In January, Andre Salvet and Bernard Chevry create the MIDEM. The professionals who believe in this project are few. But Plait who knows Salvet and owes him a lot decides to support the idea. He shows up at the presentation together with Joe, Maryse and Colette. The little company settles on a yacht anchored in a marvelous old port of Cannes. The journalists swarm at this first rendezvous of the world show business but there are very few real stars and Joe is a favorite target of the press. What can be better than to wrench an interview out of Jules Dassin’s own son in the world capital of cinema? But Joe realizes that this game is far too risky for him. At this time he prefers to avoid being mentioned in the newspapers and limits his performance to the presentation of the first MIDEM awards. But anyway, even if he does not sing, a handsome guy conducting the show with such ease – and in two languages, no problem! – is noticed in the media almost at once. Next morning, from an “upcoming star” Joe turns into the Star. “Excuse Me Lady” goes well enough but one has to think about the next hit. Plait does nothing but turn in mind the idea of a song which will let them go much further.

One morning on the yacht Dassin gets ready to slink to the shore, his guitar in his hand. Plait, extremely surprised, wonders what is happening. Dassin explains that he wants Henri Salvador to listen to a tune composed by Joe himself, Jean-Michel (Rivat) and Frank (Thomas). Joe says, this is not “his” kind of song. Curious Plait wants to be the first to listen to the new creation. Joe does not consider it to be wise. The two men confront. Minutes are passing.
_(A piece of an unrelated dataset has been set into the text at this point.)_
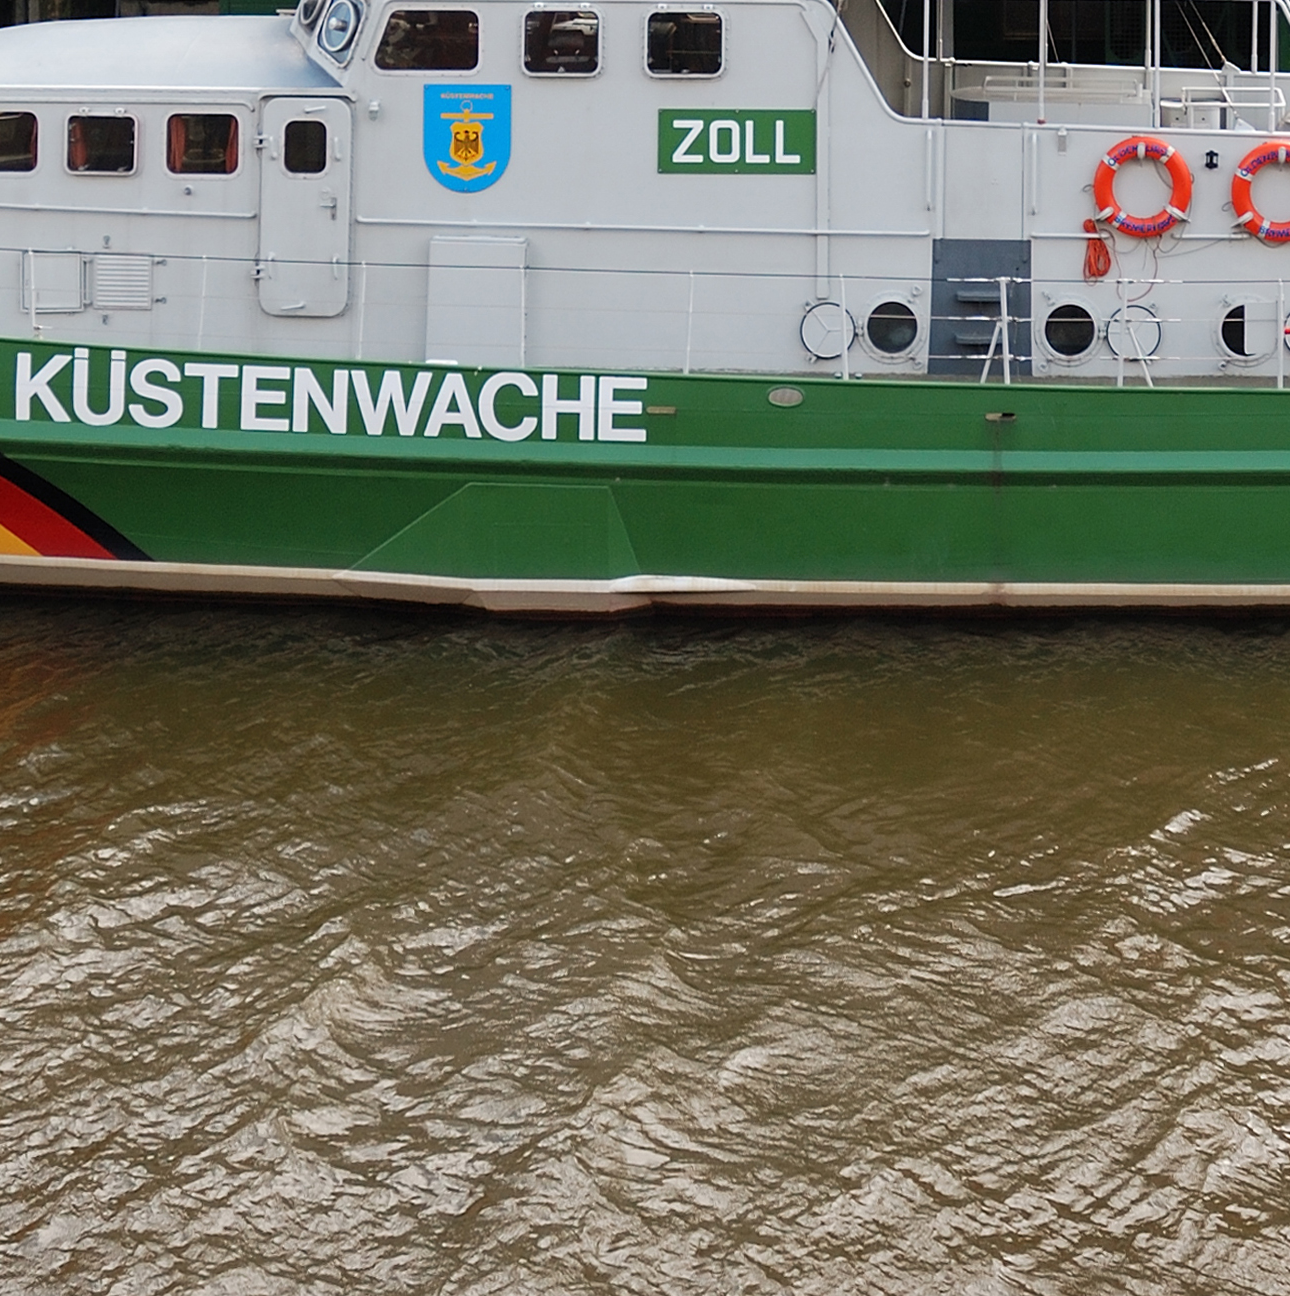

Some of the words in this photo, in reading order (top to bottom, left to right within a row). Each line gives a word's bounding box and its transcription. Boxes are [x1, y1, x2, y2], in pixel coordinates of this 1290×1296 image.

Plait wins and Dassin sings leaning on the guard railing: “Tagada tagada, voila les Dalton, tagada tagada ‘y a plus personne…” Jacques is pale as a sheet. Joe still does not understand. But the fury in Jacques’ eyes provokes one of his outbursts of anger: “Never in my life! I refuse to sing it! This song is not for me…” Plait who has already grabbed his hit does not intend to let it go so easily: “I forbid you to give it to Salvador!” And so on and so forth. Finally Joe surrenders, he will record the “cowboy song”. For the first and the last time, according to the contract. There is only one obstacle left: the touring, which is one of the main components of promotion. Joe meets an impresario Charley Marouani but doubts the outcome. His stage experience is short and not very pleasant. The terrible failure of his concert in Brussels in 1966 caused by unprofessional performing of the local orchestra is still fresh in his memory. To cut it short, Joe is terribly afraid of any public performances. Charley Marouani makes him change his mind and proposes him to participate in the first part of the Adamo concert. That’s a deal. On March 9, the tour debuts in Vire. Very fast Joe wins recognition of both public and the tour manager Georges Olivier who raises his fee. Between two galas, in April, Joe and Jacques are again in London where they record four songs for the sixth EP.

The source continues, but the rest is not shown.